Character for character, transcribe the entries below, minus the images.

══ EXERCISE MATERIALS

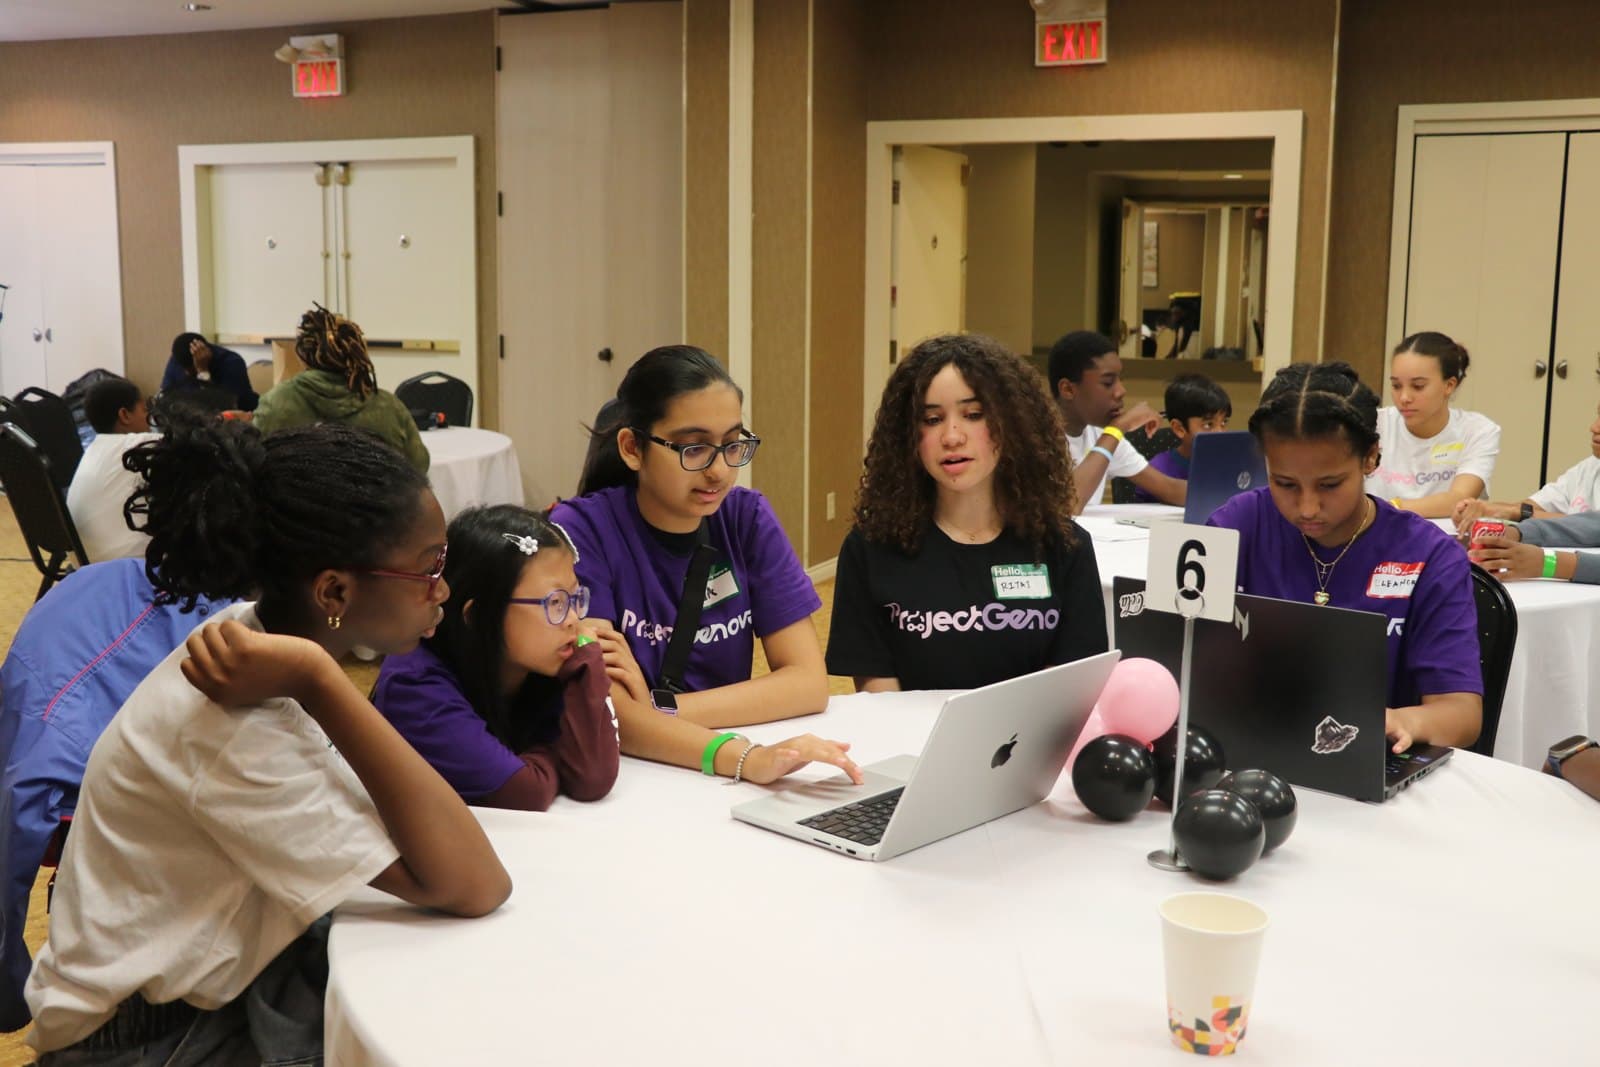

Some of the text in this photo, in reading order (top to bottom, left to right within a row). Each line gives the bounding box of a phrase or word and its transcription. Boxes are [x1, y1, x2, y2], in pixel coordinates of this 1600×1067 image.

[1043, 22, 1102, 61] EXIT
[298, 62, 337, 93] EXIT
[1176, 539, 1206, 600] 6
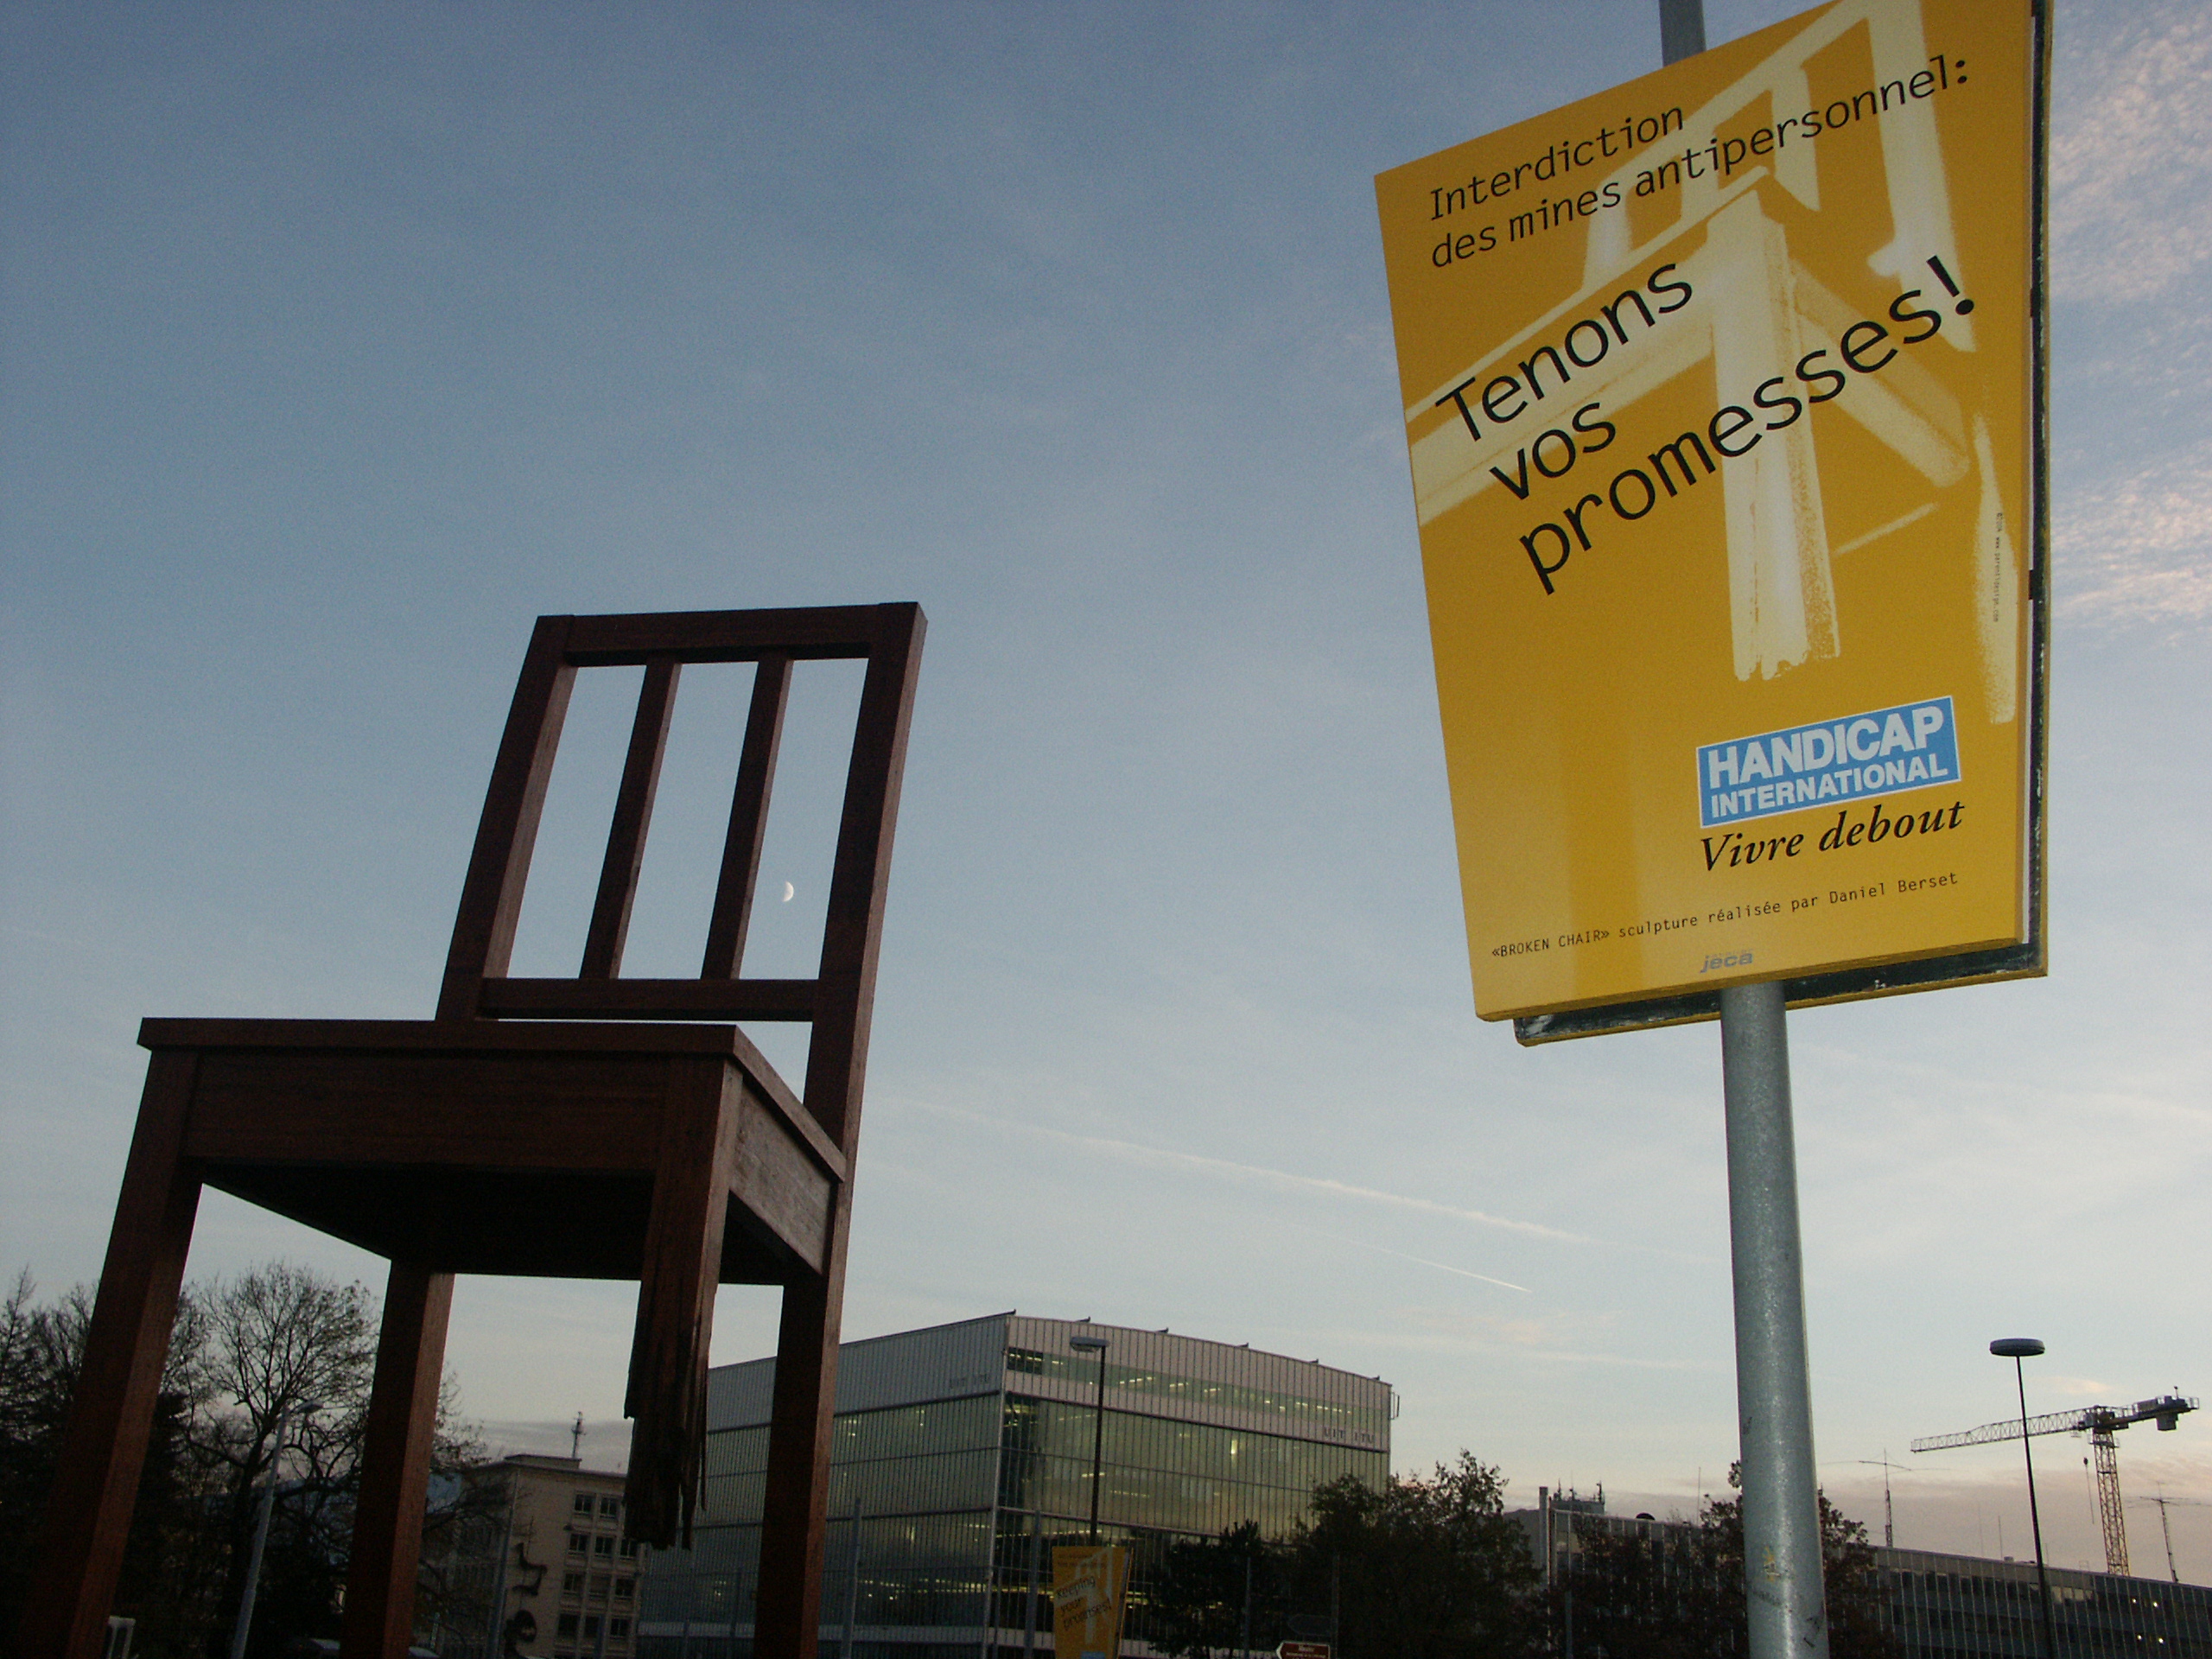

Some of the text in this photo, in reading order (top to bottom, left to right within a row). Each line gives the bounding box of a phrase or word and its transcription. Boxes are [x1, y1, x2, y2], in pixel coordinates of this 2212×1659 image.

════

_EXERCISE OUTPUT_:
Some of the text in this photo, in reading order (top to bottom, left to right within a row). Each line gives the bounding box of a phrase or word and its transcription. Boxes are [x1, y1, x2, y2], in pixel coordinates of this 1600×1067 image.

[1043, 22, 1102, 61] EXIT
[298, 62, 337, 93] EXIT
[1176, 539, 1206, 600] 6

Some of the text in this photo, in reading order (top to bottom, left to right within a row). Each line gives the bounding box of a phrase or word and its transcription. Boxes are [x1, y1, x2, y2], in pixel coordinates of this 2212×1659 image.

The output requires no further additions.